Kidd has written articles for SBS in July 2015 about gender inequalities in the film industry; in June 2016 on Studio Ghibli's decision to not recruit female directors; and in August 2018 on director Matthew Newton's redemption arc.

== Filmography ==

| Year | Title | Role |
|---|---|---|
| 2000 | Meeting Shark |  |
| 2002 | Learning the ropes | Director |
| 2003 | Starring Xavier | Executive producer |
| 2006 | Sam and Piccolo | Writer |
| 2010 | The Room at the Top of the Stairs | Writer |
| 2015 | I Am Undone | Producer |
| 2015 | A Night of Horror Volume 1 | Producer |
| 2015 | Grillz | Co-producer |
| 2016 | Watch Me | Producer, director, editor |
| 2016 | The Motel At The End Of The World | Co-producer, director, writer |

== Award nominations and funding ==
Kidd has received funding from Screen Tasmania in 2001, 2003, 2004, 2009, 2011, 2014, and 2016.

In 2015, Kidd received funding from Screen Australia through the Gender Matters - Brilliant Stories initiative, towards The Motel At The End Of The World.

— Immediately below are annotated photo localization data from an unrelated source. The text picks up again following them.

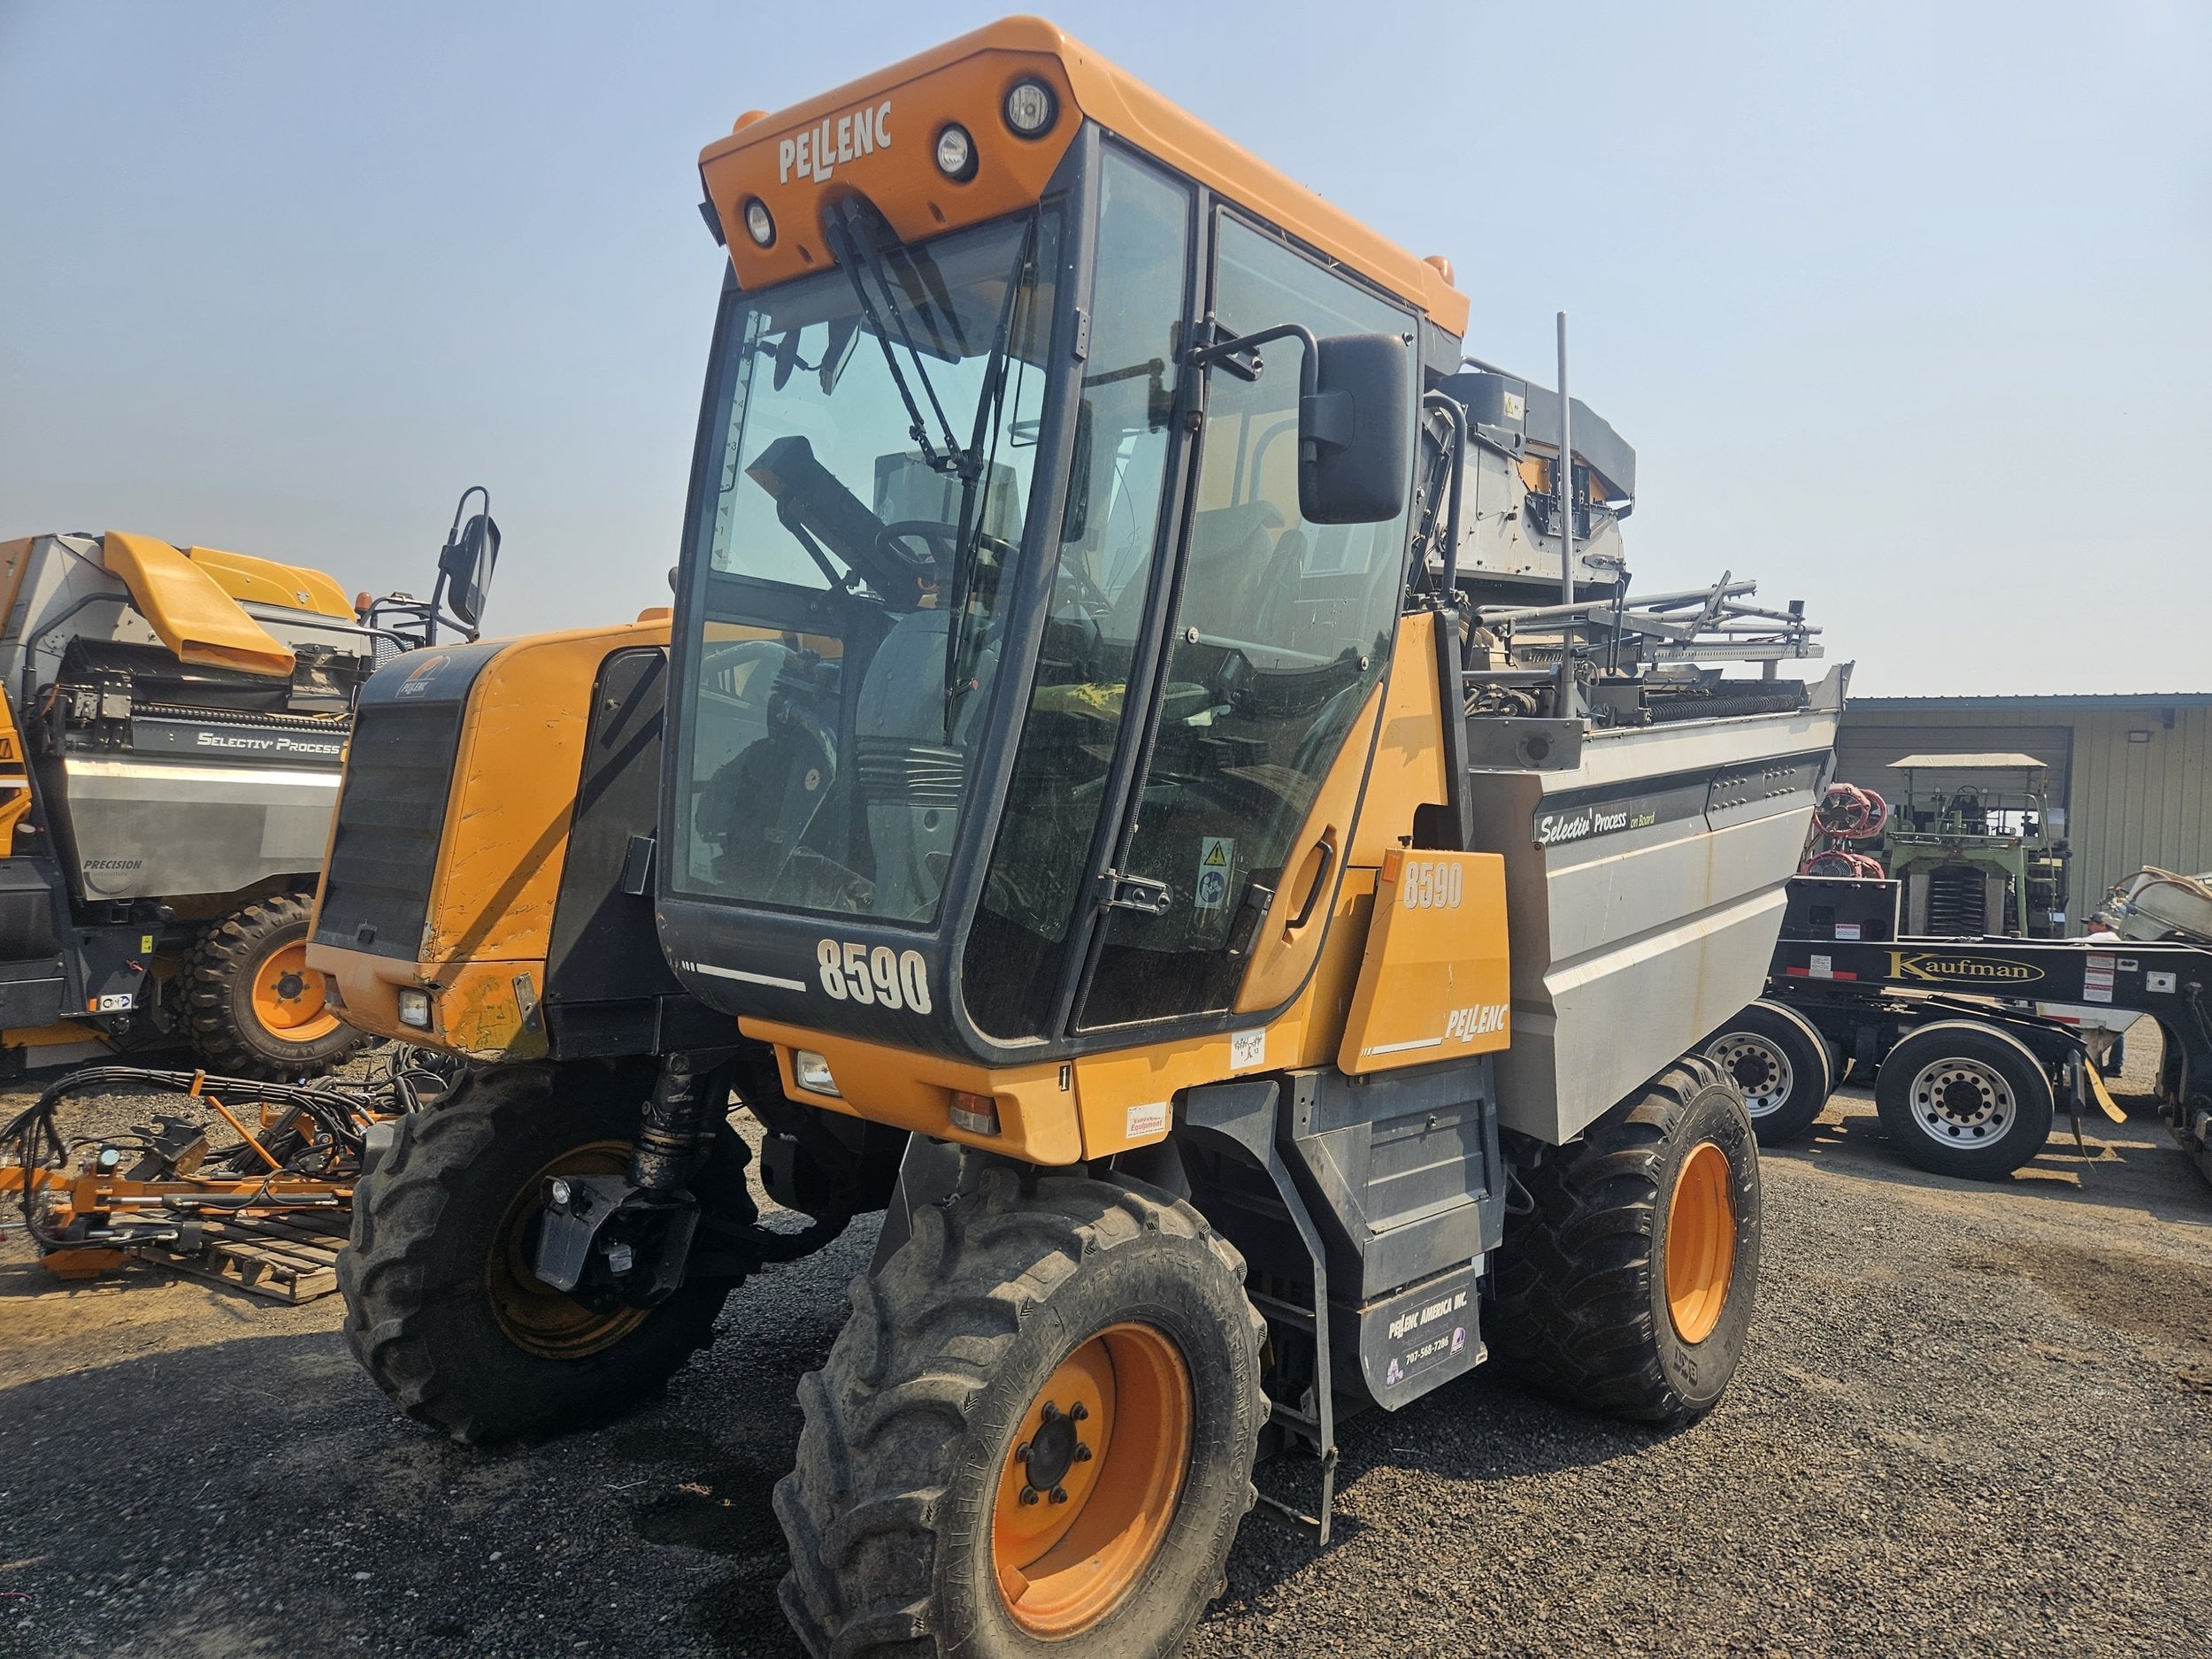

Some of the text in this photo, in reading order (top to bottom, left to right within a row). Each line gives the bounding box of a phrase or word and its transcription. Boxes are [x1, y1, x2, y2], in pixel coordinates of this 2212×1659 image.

[780, 101, 892, 184] PELLENC
[276, 738, 341, 755] PROCESS
[1594, 812, 1627, 833] Process
[1631, 817, 1639, 829] on
[1639, 810, 1655, 827] Board
[83, 860, 142, 870] PRECISION
[1403, 861, 1463, 910] 8590
[817, 938, 933, 1015] 8590
[1883, 950, 2030, 982] Kaufman
[1444, 1003, 1509, 1043] PELLENC
[1131, 1119, 1163, 1132] Equipment
[1388, 1311, 1419, 1340] PELLENC
[1420, 1298, 1452, 1325] AMERICA
[1454, 1291, 1467, 1310] INC.
[1406, 1336, 1449, 1365] 707-568-7286

For the same film, she received mentorship through Screen Tasmania's Pitch, Plot and Produce cultural program.

== Activism ==
In October 2009, Kidd began a petition and Facebook page campaign to save the State Government Offices building, known as 10 Murray Street, Hobart. The 1966 building was scheduled for demolition to allow for development for Parliament Square. The group fought against the planning decisions on the basis that the building has cultural and architectural significance. As part of the advocacy, Kidd organised an art exhibition, Please Don't Let Me Be Misunderstood, within the National Trust's Heritage Festival. She continued as spokesperson for the 500 member 'Save 10 Murray' group, who appealed against the altered plans in July 2010. After Tasmania's Planning Tribunal gave final approval for the redevelopment in December 2011, Kidd said that it implied that heritage listing didn't mean very much, and that the legal case had repercussions for other listed buildings in Tasmania. Kidd was listed as number 9 in Tasmania's Top 10 2012 Movers & Shakers for her work as group spokesperson and in changing public opinion about heritage values.

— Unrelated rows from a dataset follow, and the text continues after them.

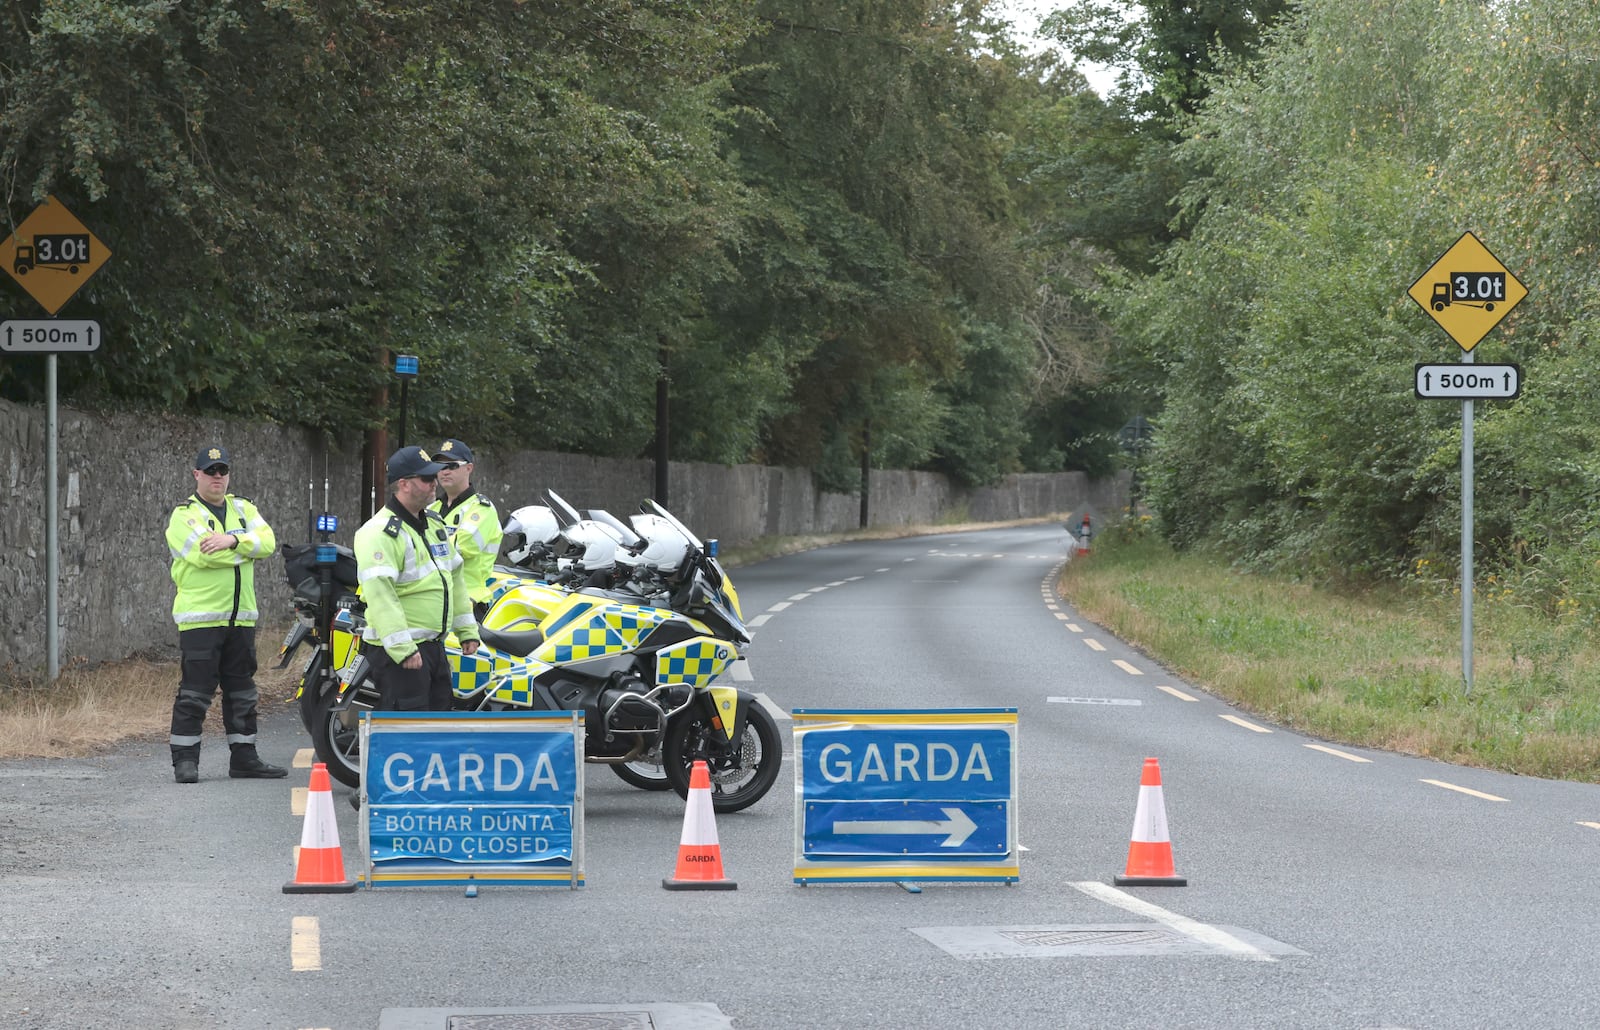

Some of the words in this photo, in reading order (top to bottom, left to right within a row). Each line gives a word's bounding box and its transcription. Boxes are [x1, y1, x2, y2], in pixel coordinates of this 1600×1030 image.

[38, 238, 86, 260] 3.0t
[1454, 276, 1502, 298] 3.0t
[23, 328, 77, 343] 500m
[1440, 374, 1494, 388] 500m
[383, 752, 560, 793] GARDA
[819, 742, 993, 783] GARDA
[386, 812, 472, 832] BÓTHAR
[481, 811, 554, 831] DÚNTA
[392, 837, 453, 854] ROAD
[461, 837, 550, 854] CLOSED
[685, 855, 716, 863] GARDA

Inspired by Viscera Film Festival, Kidd and Rebecca Thomson co-founded the Hobart-based Stranger With My Face International film festival in 2012. The festival focuses on horror films directed by women. In an interview with Jason Di Rosso on ABC radio national, Kidd discussed how the festival counteracts a male focus in the genre. In 2013, the festival was voted in the Top 5 Coolest Women's Film Festivals by Movie Maker Magazine readers. The festival website states that the event may return in late 2018 or early 2019, depending on funding.

In November 2013, Kidd wrote an opinion piece for the Guardian about the challenges involved in decriminalising abortion in Tasmania.